-------- Exercise material --------
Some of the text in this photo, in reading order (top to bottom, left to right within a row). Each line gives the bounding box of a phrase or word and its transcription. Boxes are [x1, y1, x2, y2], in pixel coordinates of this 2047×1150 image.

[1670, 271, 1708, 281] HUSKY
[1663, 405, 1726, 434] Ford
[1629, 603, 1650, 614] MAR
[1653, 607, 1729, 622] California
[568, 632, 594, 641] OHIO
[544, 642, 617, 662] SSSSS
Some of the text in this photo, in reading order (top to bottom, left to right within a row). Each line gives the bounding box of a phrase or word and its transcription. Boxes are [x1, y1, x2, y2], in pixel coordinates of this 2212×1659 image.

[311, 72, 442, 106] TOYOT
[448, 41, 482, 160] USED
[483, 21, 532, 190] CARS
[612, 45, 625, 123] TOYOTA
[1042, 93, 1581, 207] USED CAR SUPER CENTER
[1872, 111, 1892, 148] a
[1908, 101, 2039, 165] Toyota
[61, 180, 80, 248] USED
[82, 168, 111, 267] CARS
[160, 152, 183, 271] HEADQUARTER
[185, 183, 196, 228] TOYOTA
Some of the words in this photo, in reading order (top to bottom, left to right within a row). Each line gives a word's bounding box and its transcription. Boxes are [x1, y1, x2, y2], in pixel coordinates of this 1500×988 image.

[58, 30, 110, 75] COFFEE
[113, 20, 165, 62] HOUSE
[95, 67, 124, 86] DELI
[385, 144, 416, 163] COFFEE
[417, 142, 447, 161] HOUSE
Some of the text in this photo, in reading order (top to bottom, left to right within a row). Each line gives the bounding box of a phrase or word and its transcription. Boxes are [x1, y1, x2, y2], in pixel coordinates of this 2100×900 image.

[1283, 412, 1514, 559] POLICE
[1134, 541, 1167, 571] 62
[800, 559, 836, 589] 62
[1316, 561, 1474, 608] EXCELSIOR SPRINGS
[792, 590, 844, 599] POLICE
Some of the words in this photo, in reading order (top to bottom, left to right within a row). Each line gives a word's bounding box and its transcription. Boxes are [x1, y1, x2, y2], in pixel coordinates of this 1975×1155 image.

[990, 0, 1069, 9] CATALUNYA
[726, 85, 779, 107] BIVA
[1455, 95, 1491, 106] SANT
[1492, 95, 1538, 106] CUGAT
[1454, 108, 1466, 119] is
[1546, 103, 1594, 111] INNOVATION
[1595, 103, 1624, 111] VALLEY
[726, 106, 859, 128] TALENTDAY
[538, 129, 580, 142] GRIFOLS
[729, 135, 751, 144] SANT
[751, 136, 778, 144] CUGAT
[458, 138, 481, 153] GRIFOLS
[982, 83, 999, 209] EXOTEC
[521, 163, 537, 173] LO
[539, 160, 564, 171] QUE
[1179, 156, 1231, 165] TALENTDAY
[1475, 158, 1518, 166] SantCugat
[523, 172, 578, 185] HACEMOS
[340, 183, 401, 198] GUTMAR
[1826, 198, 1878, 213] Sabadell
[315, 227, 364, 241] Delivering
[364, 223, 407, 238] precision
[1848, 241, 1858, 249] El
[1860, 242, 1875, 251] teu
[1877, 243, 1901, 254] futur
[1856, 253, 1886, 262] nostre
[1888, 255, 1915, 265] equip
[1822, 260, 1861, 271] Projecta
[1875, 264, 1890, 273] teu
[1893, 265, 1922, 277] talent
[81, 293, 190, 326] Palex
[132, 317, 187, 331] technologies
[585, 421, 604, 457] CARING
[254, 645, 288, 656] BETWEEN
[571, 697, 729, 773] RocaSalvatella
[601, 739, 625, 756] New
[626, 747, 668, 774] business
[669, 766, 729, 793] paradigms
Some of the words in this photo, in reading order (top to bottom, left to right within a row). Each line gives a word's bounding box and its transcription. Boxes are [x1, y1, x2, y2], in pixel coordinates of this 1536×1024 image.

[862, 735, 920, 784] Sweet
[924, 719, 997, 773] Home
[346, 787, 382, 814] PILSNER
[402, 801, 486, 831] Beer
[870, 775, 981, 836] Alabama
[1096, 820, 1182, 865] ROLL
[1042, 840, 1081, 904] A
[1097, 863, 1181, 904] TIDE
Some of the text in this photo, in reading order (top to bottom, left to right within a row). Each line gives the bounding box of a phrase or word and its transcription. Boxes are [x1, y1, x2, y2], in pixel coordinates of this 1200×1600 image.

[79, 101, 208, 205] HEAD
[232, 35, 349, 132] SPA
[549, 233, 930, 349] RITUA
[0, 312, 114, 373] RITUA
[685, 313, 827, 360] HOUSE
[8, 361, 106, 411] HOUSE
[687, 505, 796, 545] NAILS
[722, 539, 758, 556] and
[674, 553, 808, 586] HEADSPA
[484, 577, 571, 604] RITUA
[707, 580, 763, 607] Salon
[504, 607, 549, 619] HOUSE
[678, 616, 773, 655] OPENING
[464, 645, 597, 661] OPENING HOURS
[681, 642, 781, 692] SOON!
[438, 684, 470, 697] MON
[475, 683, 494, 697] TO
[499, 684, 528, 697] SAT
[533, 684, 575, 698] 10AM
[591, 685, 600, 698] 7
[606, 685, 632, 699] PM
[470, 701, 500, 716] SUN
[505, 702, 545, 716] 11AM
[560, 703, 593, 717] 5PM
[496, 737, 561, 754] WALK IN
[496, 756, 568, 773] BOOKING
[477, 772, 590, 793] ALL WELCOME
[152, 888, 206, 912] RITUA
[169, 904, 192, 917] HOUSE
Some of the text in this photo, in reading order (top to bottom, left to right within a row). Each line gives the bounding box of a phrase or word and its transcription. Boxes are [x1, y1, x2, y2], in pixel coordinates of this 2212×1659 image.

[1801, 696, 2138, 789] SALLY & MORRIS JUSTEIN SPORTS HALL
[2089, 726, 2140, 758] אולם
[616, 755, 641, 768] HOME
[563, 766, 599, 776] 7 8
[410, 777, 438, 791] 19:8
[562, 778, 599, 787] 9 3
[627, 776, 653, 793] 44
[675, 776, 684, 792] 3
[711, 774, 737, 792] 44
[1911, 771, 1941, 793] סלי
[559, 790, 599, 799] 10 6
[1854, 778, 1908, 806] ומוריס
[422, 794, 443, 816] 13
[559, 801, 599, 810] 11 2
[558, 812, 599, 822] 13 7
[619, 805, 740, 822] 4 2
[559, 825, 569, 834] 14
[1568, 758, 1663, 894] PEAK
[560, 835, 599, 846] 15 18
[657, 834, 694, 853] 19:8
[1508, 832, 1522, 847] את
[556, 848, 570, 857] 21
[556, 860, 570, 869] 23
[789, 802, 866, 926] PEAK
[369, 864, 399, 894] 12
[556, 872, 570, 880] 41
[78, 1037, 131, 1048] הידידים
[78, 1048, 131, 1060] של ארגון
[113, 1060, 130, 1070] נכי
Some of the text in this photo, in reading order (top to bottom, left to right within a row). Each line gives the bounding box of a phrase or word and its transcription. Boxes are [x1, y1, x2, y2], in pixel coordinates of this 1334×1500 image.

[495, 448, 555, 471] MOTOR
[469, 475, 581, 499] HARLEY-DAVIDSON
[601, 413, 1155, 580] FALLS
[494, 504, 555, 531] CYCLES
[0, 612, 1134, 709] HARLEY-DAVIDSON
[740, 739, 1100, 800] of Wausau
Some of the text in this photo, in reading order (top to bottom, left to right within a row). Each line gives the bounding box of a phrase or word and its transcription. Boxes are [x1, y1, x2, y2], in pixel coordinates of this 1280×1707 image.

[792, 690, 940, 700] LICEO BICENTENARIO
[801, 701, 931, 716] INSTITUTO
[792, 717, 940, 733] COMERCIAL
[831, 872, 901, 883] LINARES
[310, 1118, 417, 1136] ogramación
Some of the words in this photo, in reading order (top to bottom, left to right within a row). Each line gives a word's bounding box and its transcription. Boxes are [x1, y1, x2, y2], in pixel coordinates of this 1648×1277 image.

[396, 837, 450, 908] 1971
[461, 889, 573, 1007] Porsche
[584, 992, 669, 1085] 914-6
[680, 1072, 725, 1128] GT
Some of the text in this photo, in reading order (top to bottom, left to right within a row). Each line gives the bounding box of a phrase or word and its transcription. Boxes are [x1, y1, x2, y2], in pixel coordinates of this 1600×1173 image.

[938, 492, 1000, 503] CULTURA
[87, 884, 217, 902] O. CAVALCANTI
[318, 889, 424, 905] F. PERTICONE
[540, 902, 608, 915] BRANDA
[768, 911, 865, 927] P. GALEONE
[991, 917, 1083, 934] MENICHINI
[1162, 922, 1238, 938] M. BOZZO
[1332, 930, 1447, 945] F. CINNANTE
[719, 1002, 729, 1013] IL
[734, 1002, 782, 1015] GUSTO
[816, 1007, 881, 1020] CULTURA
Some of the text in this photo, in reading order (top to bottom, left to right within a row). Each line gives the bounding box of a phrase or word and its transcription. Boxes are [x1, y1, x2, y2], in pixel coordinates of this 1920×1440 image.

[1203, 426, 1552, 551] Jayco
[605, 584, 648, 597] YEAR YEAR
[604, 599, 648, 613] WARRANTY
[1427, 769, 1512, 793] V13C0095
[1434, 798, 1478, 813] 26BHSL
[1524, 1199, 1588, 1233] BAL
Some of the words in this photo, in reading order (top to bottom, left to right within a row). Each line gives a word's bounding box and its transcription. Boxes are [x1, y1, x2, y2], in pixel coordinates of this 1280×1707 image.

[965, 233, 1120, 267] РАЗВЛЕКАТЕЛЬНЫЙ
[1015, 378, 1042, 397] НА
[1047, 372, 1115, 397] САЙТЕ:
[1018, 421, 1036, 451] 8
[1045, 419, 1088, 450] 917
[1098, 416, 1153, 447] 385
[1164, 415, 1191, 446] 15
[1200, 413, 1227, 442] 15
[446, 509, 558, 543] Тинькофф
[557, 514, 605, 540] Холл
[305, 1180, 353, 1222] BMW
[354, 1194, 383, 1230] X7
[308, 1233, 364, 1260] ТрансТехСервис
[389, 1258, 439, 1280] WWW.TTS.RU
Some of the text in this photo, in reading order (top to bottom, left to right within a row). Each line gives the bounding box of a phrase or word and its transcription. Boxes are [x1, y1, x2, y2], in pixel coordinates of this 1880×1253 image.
--------
What you will do –
Write out only the lines from the one containing "this 1920×1440 image." through the end of the listing above, exactly as they stand.

Reply to the task –
Some of the text in this photo, in reading order (top to bottom, left to right within a row). Each line gives the bounding box of a phrase or word and its transcription. Boxes are [x1, y1, x2, y2], in pixel coordinates of this 1920×1440 image.

[1203, 426, 1552, 551] Jayco
[605, 584, 648, 597] YEAR YEAR
[604, 599, 648, 613] WARRANTY
[1427, 769, 1512, 793] V13C0095
[1434, 798, 1478, 813] 26BHSL
[1524, 1199, 1588, 1233] BAL
Some of the words in this photo, in reading order (top to bottom, left to right within a row). Each line gives a word's bounding box and its transcription. Boxes are [x1, y1, x2, y2], in pixel coordinates of this 1280×1707 image.

[965, 233, 1120, 267] РАЗВЛЕКАТЕЛЬНЫЙ
[1015, 378, 1042, 397] НА
[1047, 372, 1115, 397] САЙТЕ:
[1018, 421, 1036, 451] 8
[1045, 419, 1088, 450] 917
[1098, 416, 1153, 447] 385
[1164, 415, 1191, 446] 15
[1200, 413, 1227, 442] 15
[446, 509, 558, 543] Тинькофф
[557, 514, 605, 540] Холл
[305, 1180, 353, 1222] BMW
[354, 1194, 383, 1230] X7
[308, 1233, 364, 1260] ТрансТехСервис
[389, 1258, 439, 1280] WWW.TTS.RU
Some of the text in this photo, in reading order (top to bottom, left to right within a row). Each line gives the bounding box of a phrase or word and its transcription. Boxes are [x1, y1, x2, y2], in pixel coordinates of this 1880×1253 image.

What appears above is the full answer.